Domande da interrogazione
- Qual è l'origine dell'Isis e come si è sviluppato nel tempo?
- Quali sono gli obiettivi ideologici dell'Isis?
- Come giustifica l'Isis le sue azioni violente?
- Quali sono stati alcuni degli attacchi terroristici più significativi in Europa?
- Quali metodi utilizza l'Isis per compiere attentati?
L'Isis ha le sue origini nella seconda guerra del Golfo del 2003, che ha portato alla caduta di Saddam Hussein e a conflitti interni in Iraq. Dopo la guerra in Siria nel 2011, il gruppo ha trovato nuovo terreno per operare, cambiando nome in Stato Islamico in Iraq e Siria e proclamando il califfato nel 2014.
L'Isis si ispira al fondamentalismo islamico, considerando il Corano come la loro Costituzione e predicando il jihad per instaurare uno stato islamico che applichi la shari’a.
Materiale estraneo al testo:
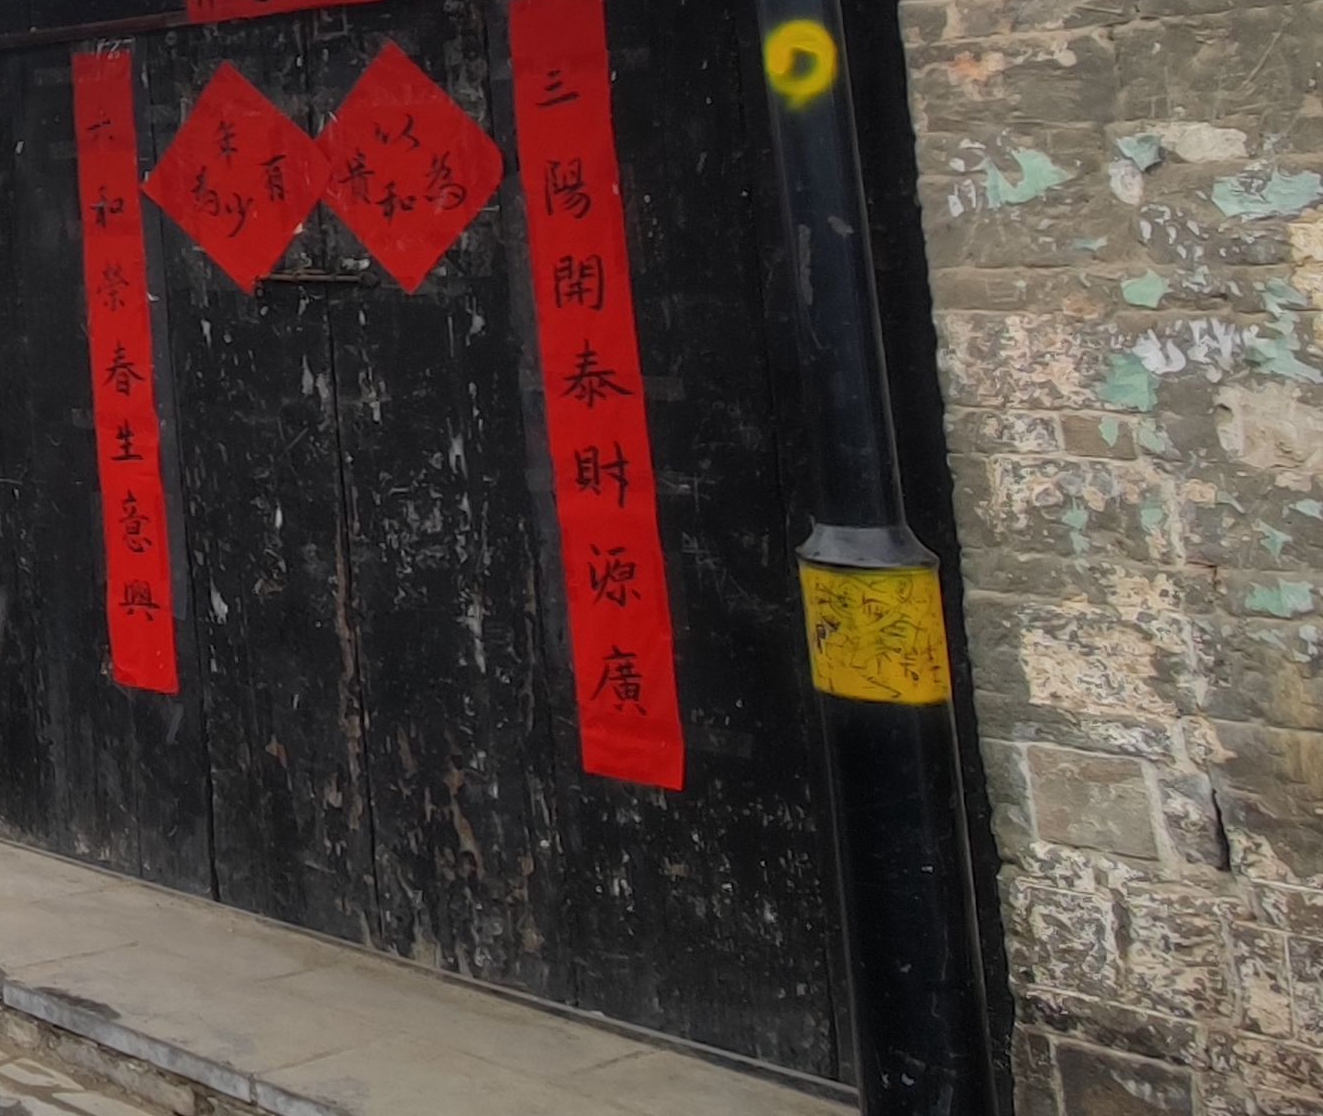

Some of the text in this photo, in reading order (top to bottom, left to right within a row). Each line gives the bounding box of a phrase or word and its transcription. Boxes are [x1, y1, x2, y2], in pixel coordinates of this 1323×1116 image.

Mira anche alla restaurazione del califfato, distrutto nel 1924.
L'Isis giustifica le sue azioni violente, anche contro musulmani, affermando che le vittime sono "miscredenti" e che non bisogna addolorarsi per loro, come indicato nel Corano. Questo è un punto di condanna da parte dei rappresentanti dell'Islam.
Tra gli attacchi più significativi ci sono quelli di Parigi nel novembre 2015, che causarono 130 morti, e l'attentato di Manchester nel 2017, che uccise 22 persone. Questi eventi evidenziano la crescente minaccia dell'Isis in Europa.
L'Isis ha utilizzato vari metodi, tra cui esplosivi sofisticati come il triperossido di triacetone, e attacchi con veicoli, come nel caso della strage di Nizza. Questi metodi sono stati caratterizzati da un'alta pianificazione e dalla capacità di eludere i controlli di sicurezza.